### Directions
At the line that contains "this 1365×1536 image.", begin setting down every line word for word, and stop after the last line of the listing.

### The input
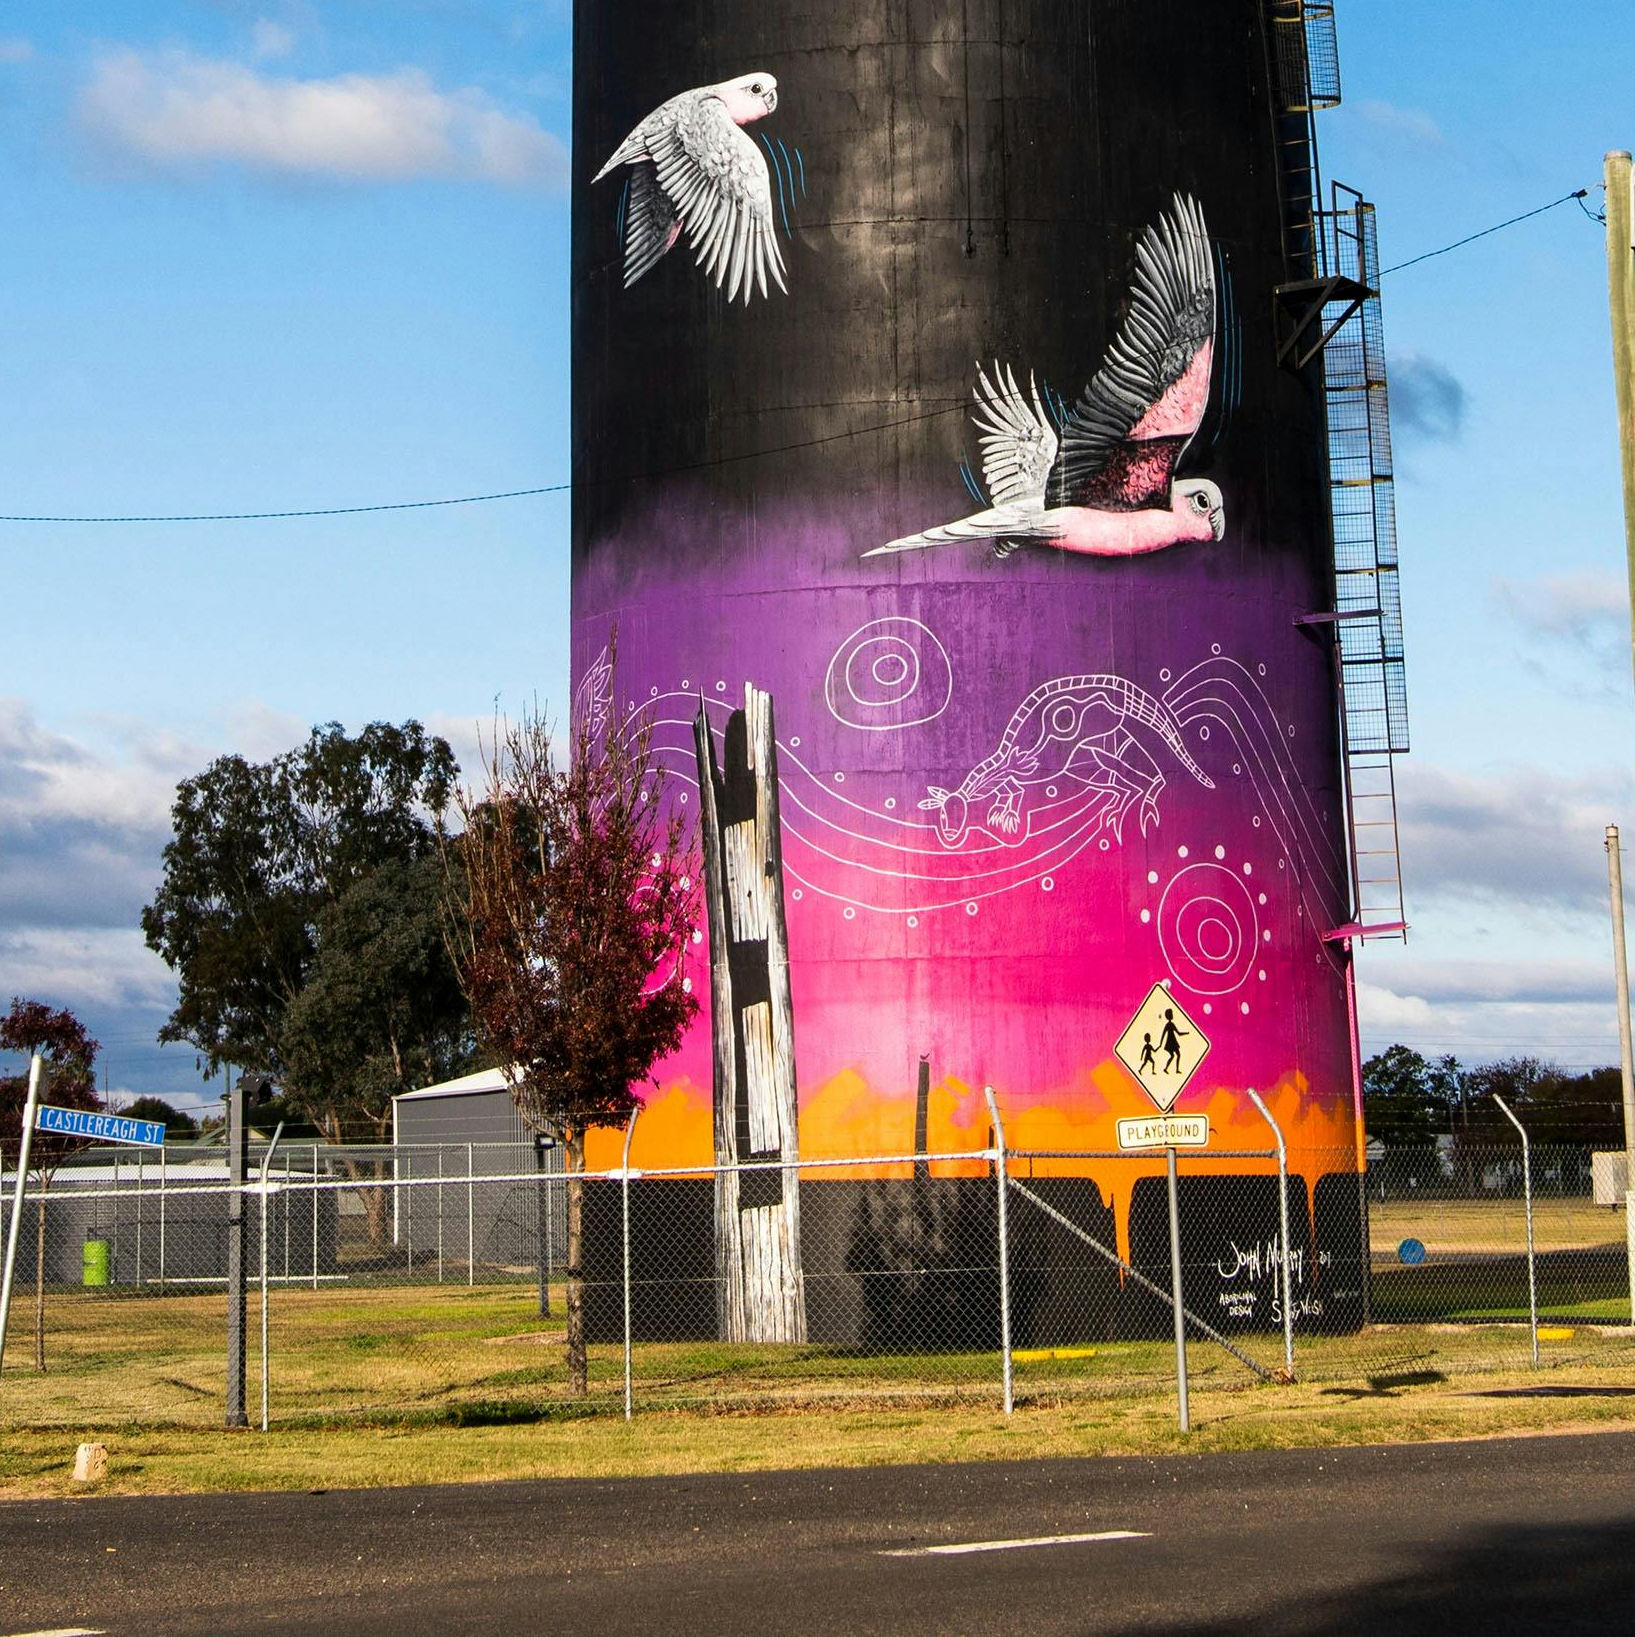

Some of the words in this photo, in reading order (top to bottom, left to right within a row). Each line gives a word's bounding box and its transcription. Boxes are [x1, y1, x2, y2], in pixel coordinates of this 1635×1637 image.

[47, 1109, 138, 1140] CASTLEREAGH
[144, 1123, 160, 1143] ST
[1127, 1124, 1199, 1140] PLAYGROUND
[1218, 1240, 1262, 1281] JOHN
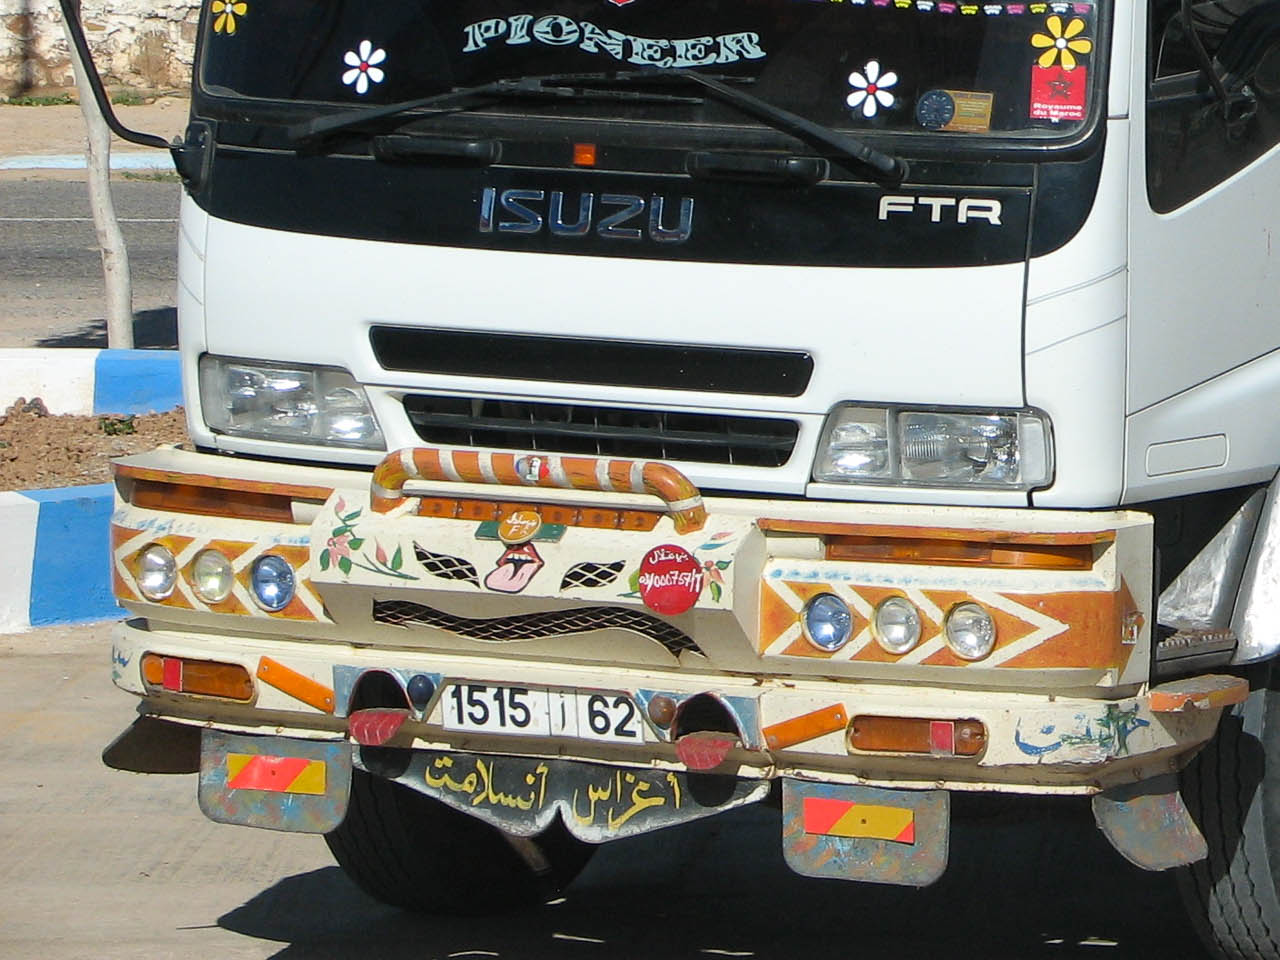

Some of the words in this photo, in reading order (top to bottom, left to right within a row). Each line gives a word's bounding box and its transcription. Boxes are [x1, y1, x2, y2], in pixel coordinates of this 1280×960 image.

[462, 14, 767, 69] PIONEER
[1033, 102, 1083, 111] Royaume
[1049, 109, 1082, 117] Maroc
[478, 187, 695, 244] ISUZU
[877, 195, 1003, 226] FTR
[450, 683, 531, 728] 1515
[588, 694, 637, 737] 62
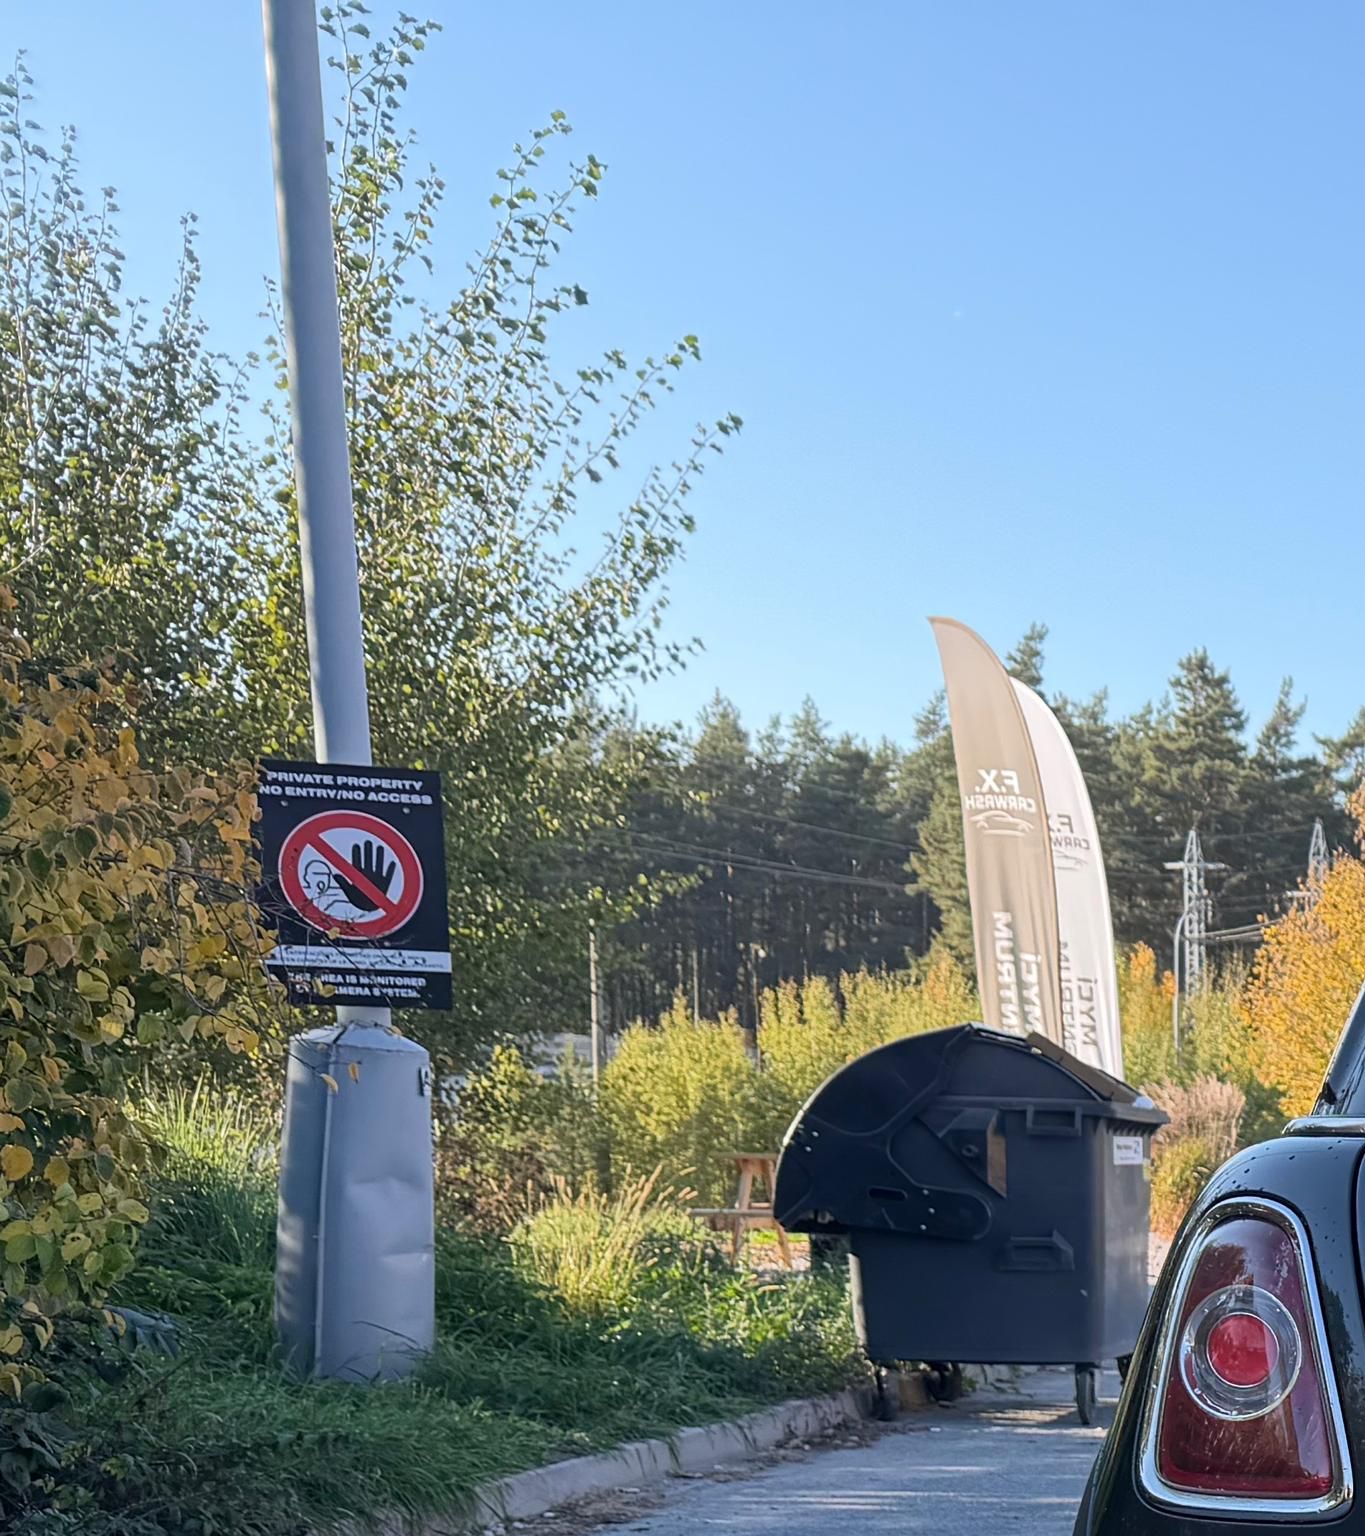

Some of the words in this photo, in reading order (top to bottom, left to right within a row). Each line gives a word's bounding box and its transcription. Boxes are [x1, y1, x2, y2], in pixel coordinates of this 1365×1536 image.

[267, 771, 334, 785] PRIVATE
[336, 776, 423, 791] PROPERTY
[259, 784, 283, 795] NO
[284, 786, 365, 801] ENTRY/NO
[368, 791, 433, 805] ACCESS
[321, 974, 344, 984] REA
[345, 974, 357, 984] IS

### Completed task
Some of the words in this photo, in reading order (top to bottom, left to right within a row). Each line gives a word's bounding box and its transcription. Boxes are [x1, y1, x2, y2], in pixel coordinates of this 1365×1536 image.

[267, 771, 334, 785] PRIVATE
[336, 776, 423, 791] PROPERTY
[259, 784, 283, 795] NO
[284, 786, 365, 801] ENTRY/NO
[368, 791, 433, 805] ACCESS
[321, 974, 344, 984] REA
[345, 974, 357, 984] IS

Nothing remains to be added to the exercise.